WHAT YOU WILL DO: Restate each entry below exactly; pictures stay out of the copy.

[Phrase grounding data]

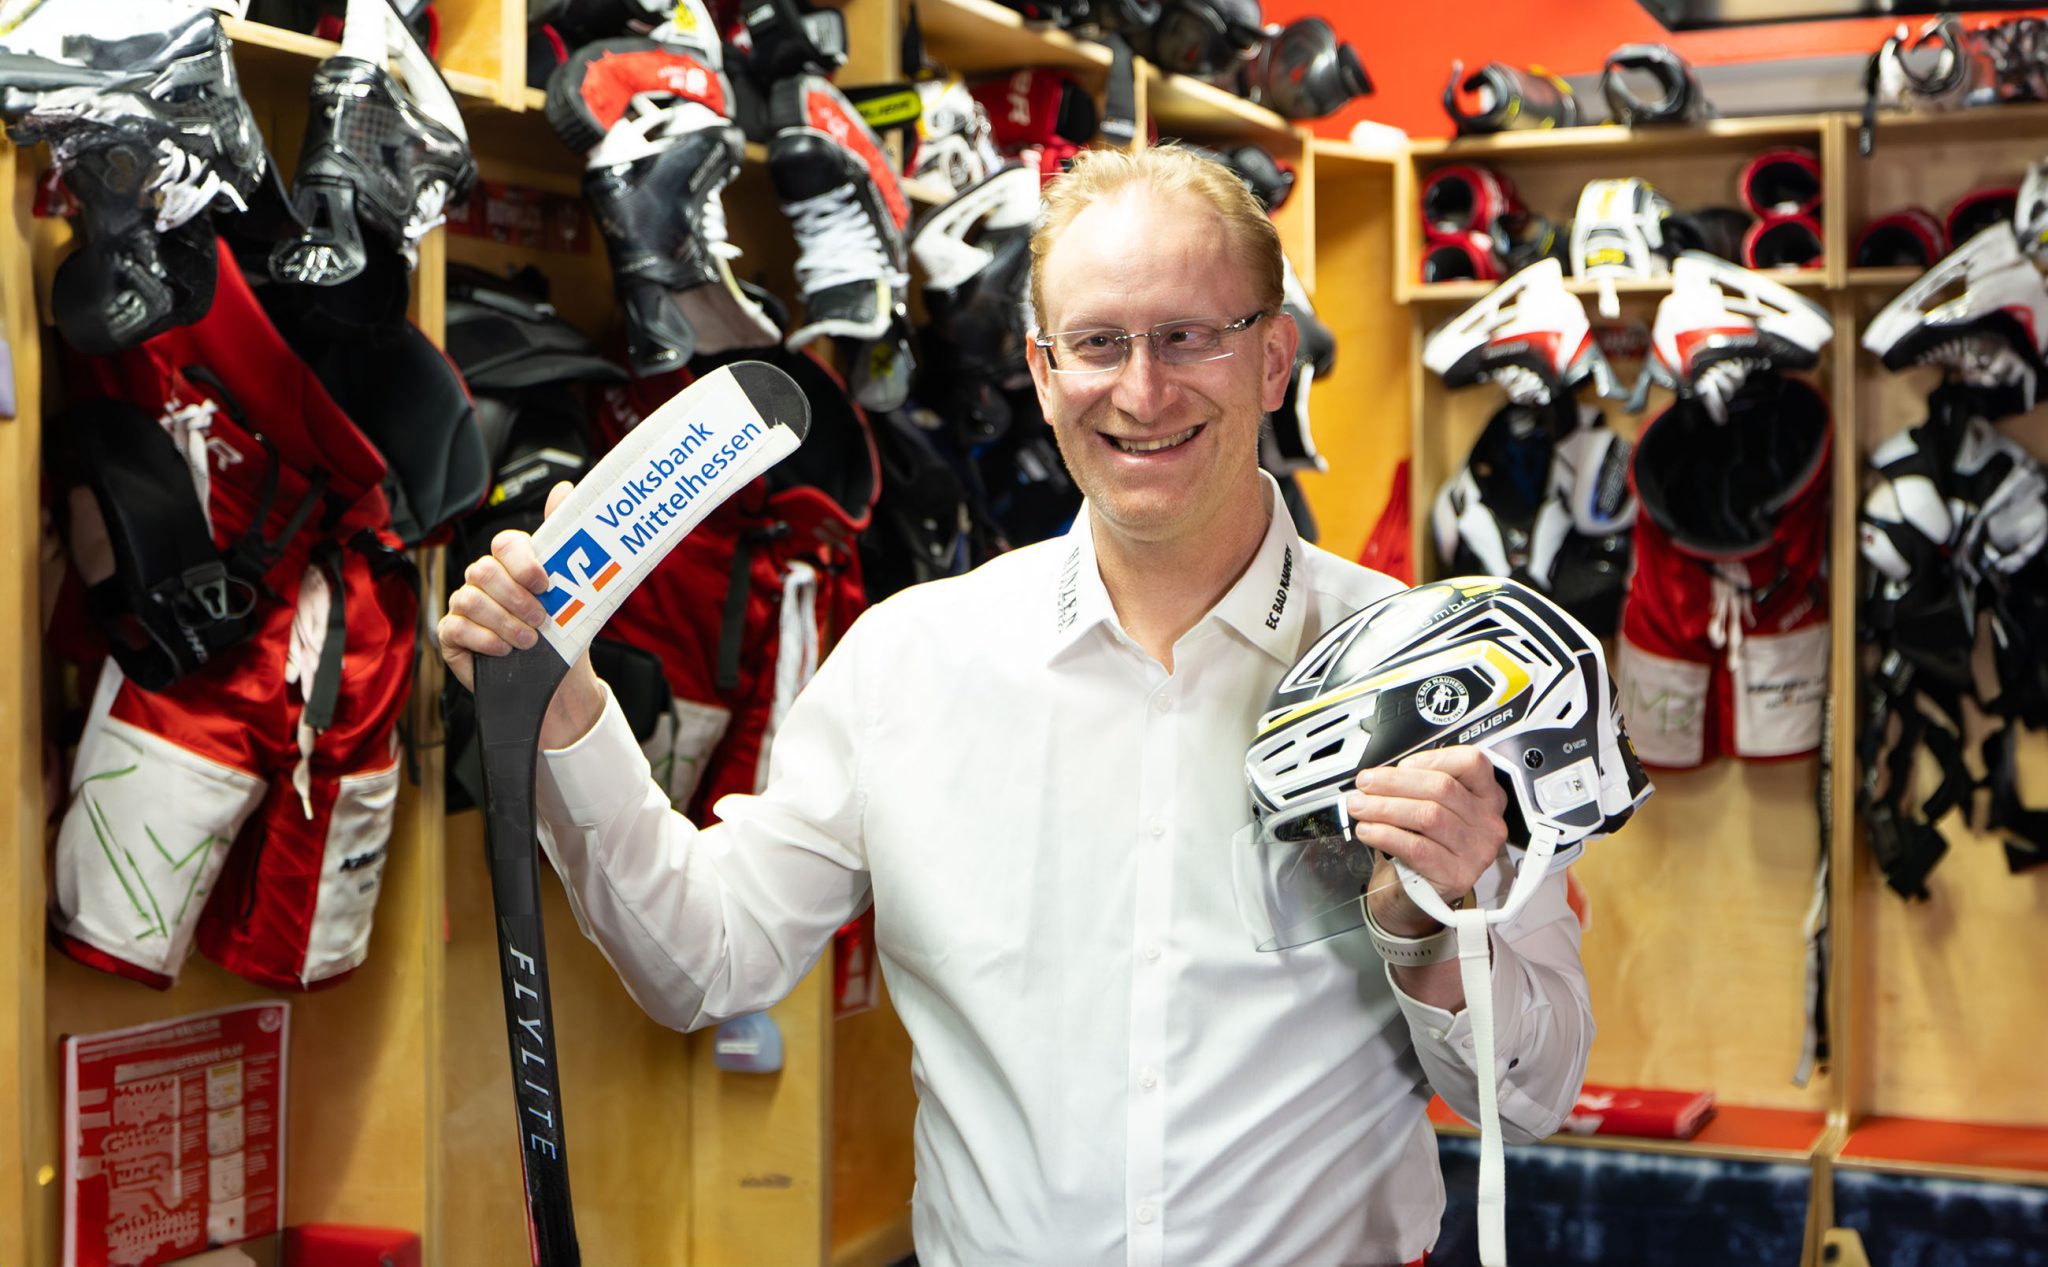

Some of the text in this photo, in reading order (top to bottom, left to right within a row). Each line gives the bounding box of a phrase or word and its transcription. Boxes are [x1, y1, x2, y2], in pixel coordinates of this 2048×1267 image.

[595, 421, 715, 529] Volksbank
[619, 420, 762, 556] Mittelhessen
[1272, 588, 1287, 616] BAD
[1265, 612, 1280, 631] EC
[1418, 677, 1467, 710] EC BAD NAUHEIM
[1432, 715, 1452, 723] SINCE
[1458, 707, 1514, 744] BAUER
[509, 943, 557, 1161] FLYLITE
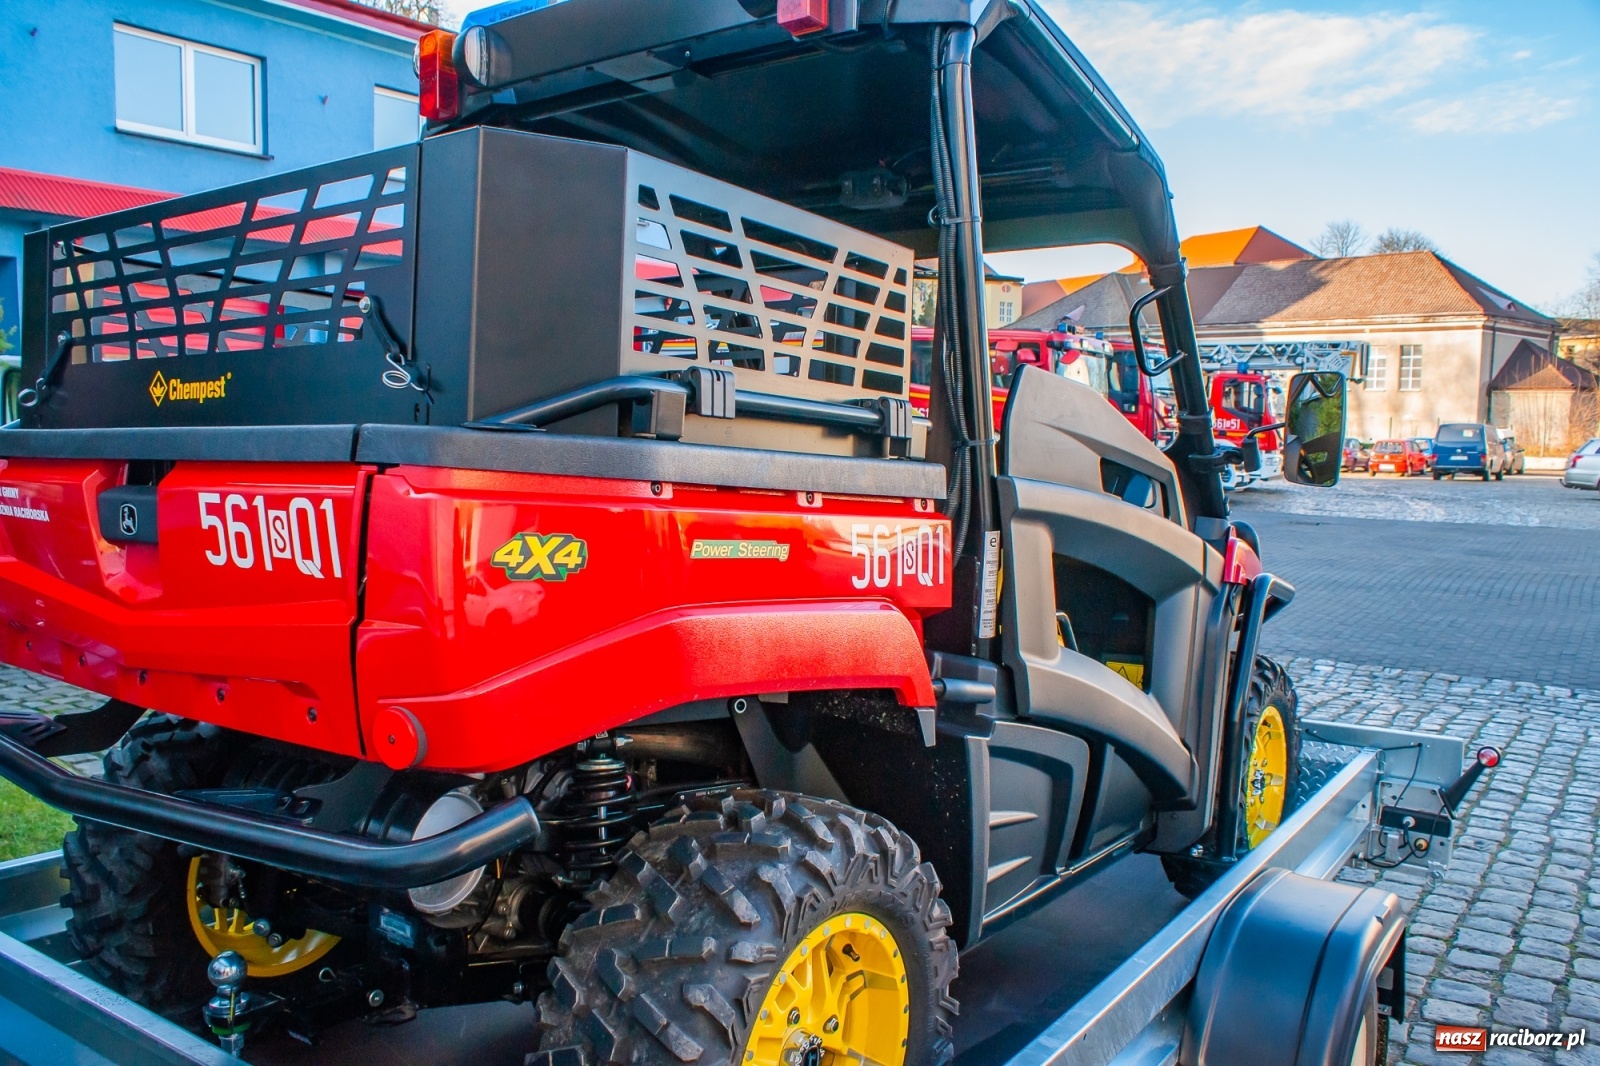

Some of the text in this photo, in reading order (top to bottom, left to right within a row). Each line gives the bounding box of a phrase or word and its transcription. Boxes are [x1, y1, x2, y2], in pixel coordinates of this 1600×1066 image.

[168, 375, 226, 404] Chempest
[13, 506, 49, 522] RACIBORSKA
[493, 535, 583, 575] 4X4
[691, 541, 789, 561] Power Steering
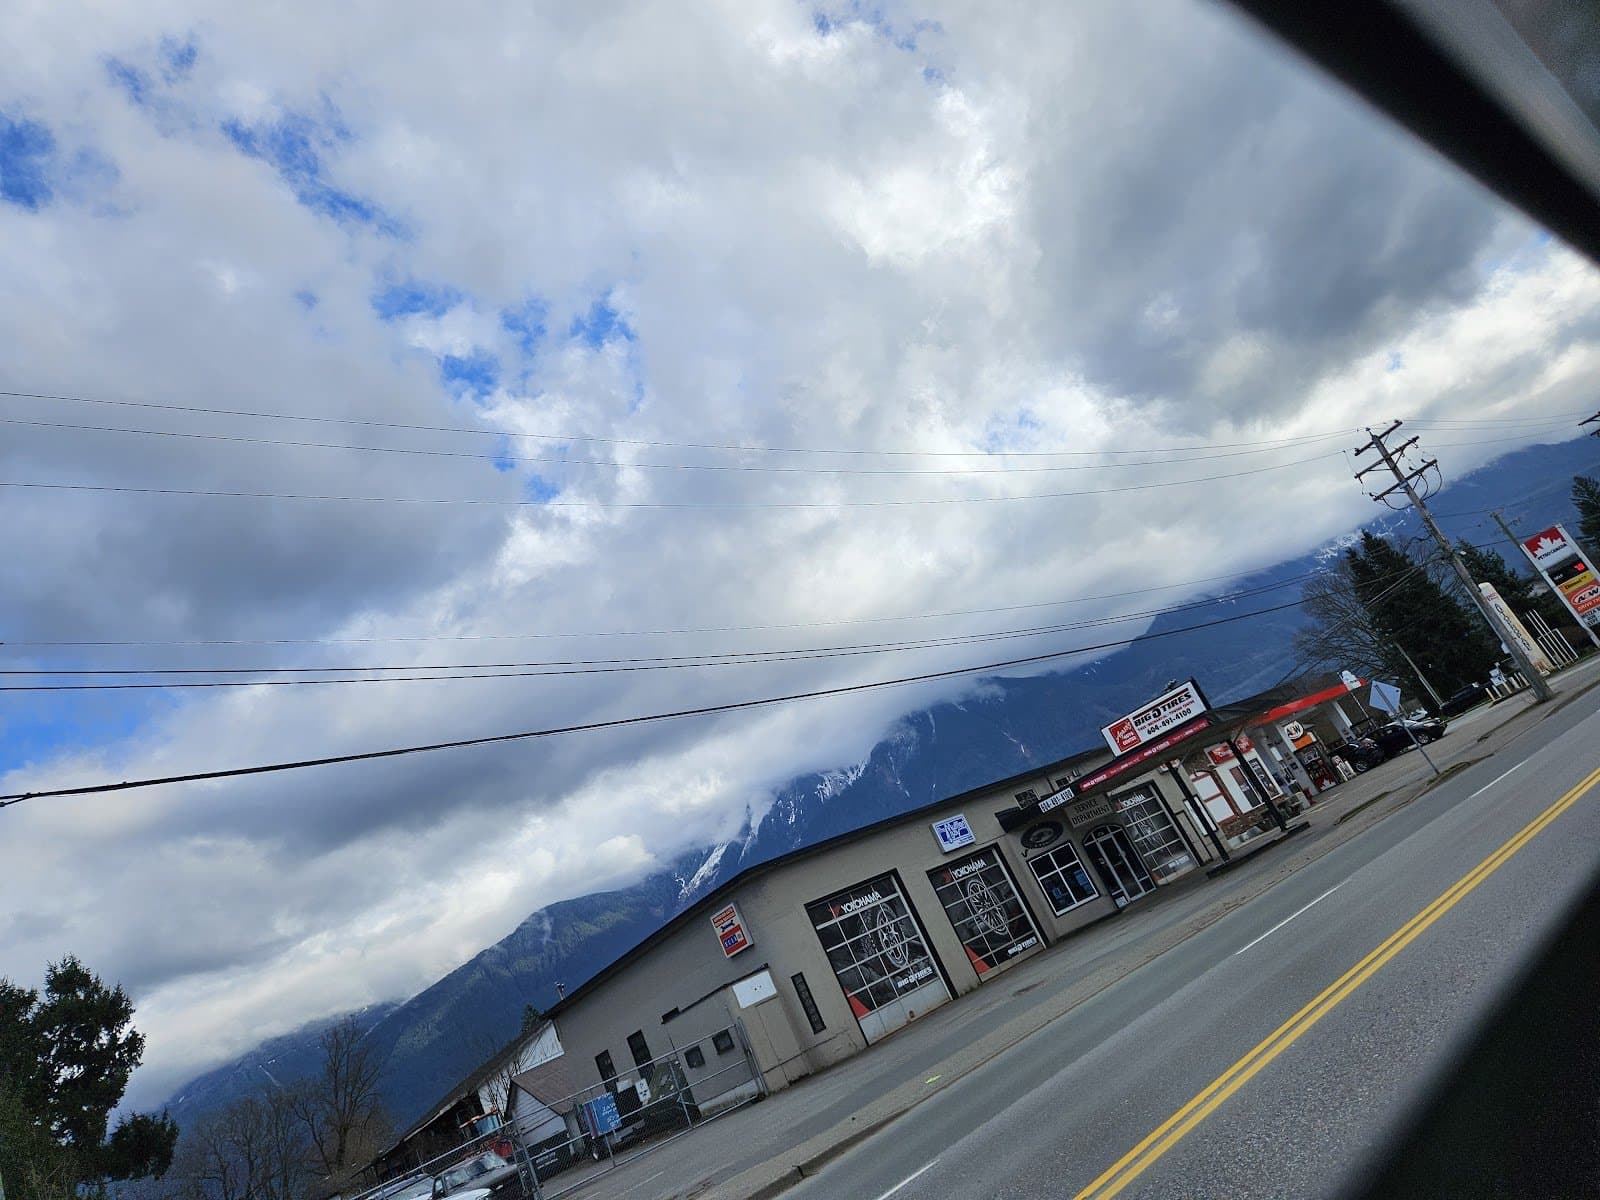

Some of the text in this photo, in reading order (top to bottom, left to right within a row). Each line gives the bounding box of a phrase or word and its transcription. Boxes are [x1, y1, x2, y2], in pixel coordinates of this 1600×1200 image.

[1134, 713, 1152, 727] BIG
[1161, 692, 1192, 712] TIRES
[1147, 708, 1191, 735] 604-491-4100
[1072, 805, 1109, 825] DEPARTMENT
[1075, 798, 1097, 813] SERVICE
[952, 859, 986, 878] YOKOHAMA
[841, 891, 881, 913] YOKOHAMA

EXERCISE RESPONSE:
Some of the text in this photo, in reading order (top to bottom, left to right within a row). Each line gives the bounding box of a phrase or word and its transcription. Boxes are [x1, y1, x2, y2], in pixel coordinates of this 2048×1267 image.

[595, 421, 715, 529] Volksbank
[619, 420, 762, 556] Mittelhessen
[1272, 588, 1287, 616] BAD
[1265, 612, 1280, 631] EC
[1418, 677, 1467, 710] EC BAD NAUHEIM
[1432, 715, 1452, 723] SINCE
[1458, 707, 1514, 744] BAUER
[509, 943, 557, 1161] FLYLITE

Some of the text in this photo, in reading order (top to bottom, left to right within a row). Each line gives the bounding box of a phrase or word and its transcription. Boxes are [x1, y1, x2, y2], in pixel coordinates of this 1600×1066 image.

[168, 375, 226, 404] Chempest
[13, 506, 49, 522] RACIBORSKA
[493, 535, 583, 575] 4X4
[691, 541, 789, 561] Power Steering

Some of the text in this photo, in reading order (top to bottom, left to right within a row). Each line gives the bounding box of a phrase or word and its transcription. Boxes are [x1, y1, x2, y2], in pixel coordinates of this 1600×1200 image.

[1134, 713, 1152, 727] BIG
[1161, 692, 1192, 712] TIRES
[1147, 708, 1191, 735] 604-491-4100
[1072, 805, 1109, 825] DEPARTMENT
[1075, 798, 1097, 813] SERVICE
[952, 859, 986, 878] YOKOHAMA
[841, 891, 881, 913] YOKOHAMA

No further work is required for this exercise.